Monday, November 9, 2009

Insecurity.

Am I special?
I'm an infant playing with toys.
A child learning to play the game.
Just a kid living in a virtual world.
A teen challenging the bounderies of his mind.
Just an eighteen year old holding a controller, exploring the realms of the real world.
See, I'm nothing special.
I'm walking through life, aimlessly.
Trying to decipher the maze inside the mind.
Breathless at the wonders of the free world.
I'm just curious, and I act on it.
So, I'm just an infant, playing with toys.
I'm nothing special.
I'm trying to learn to be the perfect person.
Though I'm failing to even come near that goal.
Because perfection does not exist.
But I still strive to be perfect at what I do.
I'm just a child learning to play the game.
I'm nothing close to special.
I pretend everything's a game.
So that when I get hurt, I just restart.
Except I don't start from the beginning.
I start from where I left off,
Pick up the pieces and move forward.
Playing an RPG and my charisma is my strongest attribute.
Use my smile 'cuz it's my strongest magic
And hope to charm an unsuspecting victim.
I'm just a kid living in a virtual world.
I'm nothing, especially not special.
I'm in love with the human mind.
Only using ten percent, I strive to unlock the other ninety.
Einstein discovered math, and they believed he used eleven percent.
Imagine, the possibilities when one's using all one hundred percent.
But I dabble in first hand experiences.
Experiments, figuring out how it works through experiments.
I'm just a teen challenging the bounderies of his mind.
I'm experimenting with your feelings, is that why you think I'm special?
I'm finally eighteen.
Technically legal.
But I'm still childish.
Immature.
Smiling and laughing like a little kid should.
Making jokes, making those around me smile.
An eighteen year old, with an infant's mind.
Eighteen years of age, with a child's attention span.
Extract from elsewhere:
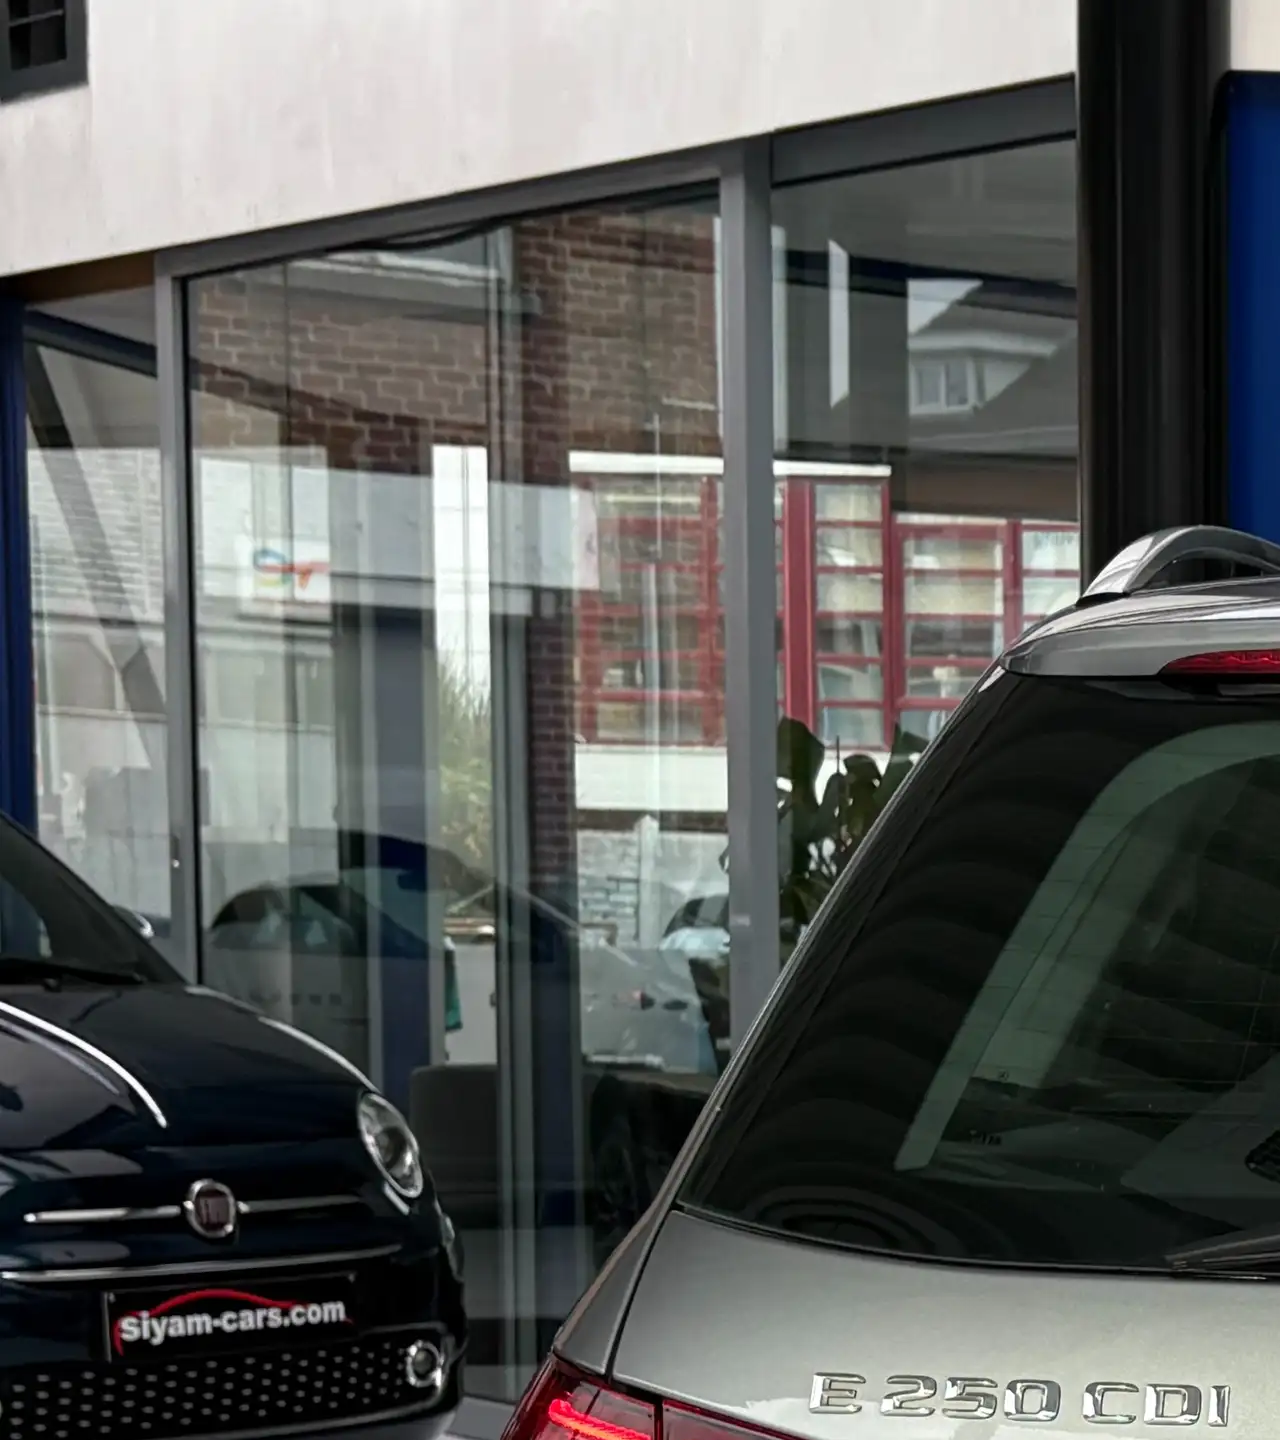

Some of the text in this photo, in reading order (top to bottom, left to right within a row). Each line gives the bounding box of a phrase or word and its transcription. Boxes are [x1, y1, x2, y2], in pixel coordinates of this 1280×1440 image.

Eighteenth year since birth, still a kid at heart.
Eighteen years have passed
I've accomplished nothing
I've let a decade and eight years slip by me.
I'm not special!
That's how the world portrays me.
How jobs and careers and schools show me.
I'm nothing, except another face in the street.
Another body in the city.
Another figure in the shadow of the world.
I'm just somebody else.
I'm easily replaced.
So basically, the entire universe tells me I'm not special.
I'm just another human being.
So please, save your "You are special to me," speech for some other sucker.
Because I know the truth.
I'm just another character.
I'm not special...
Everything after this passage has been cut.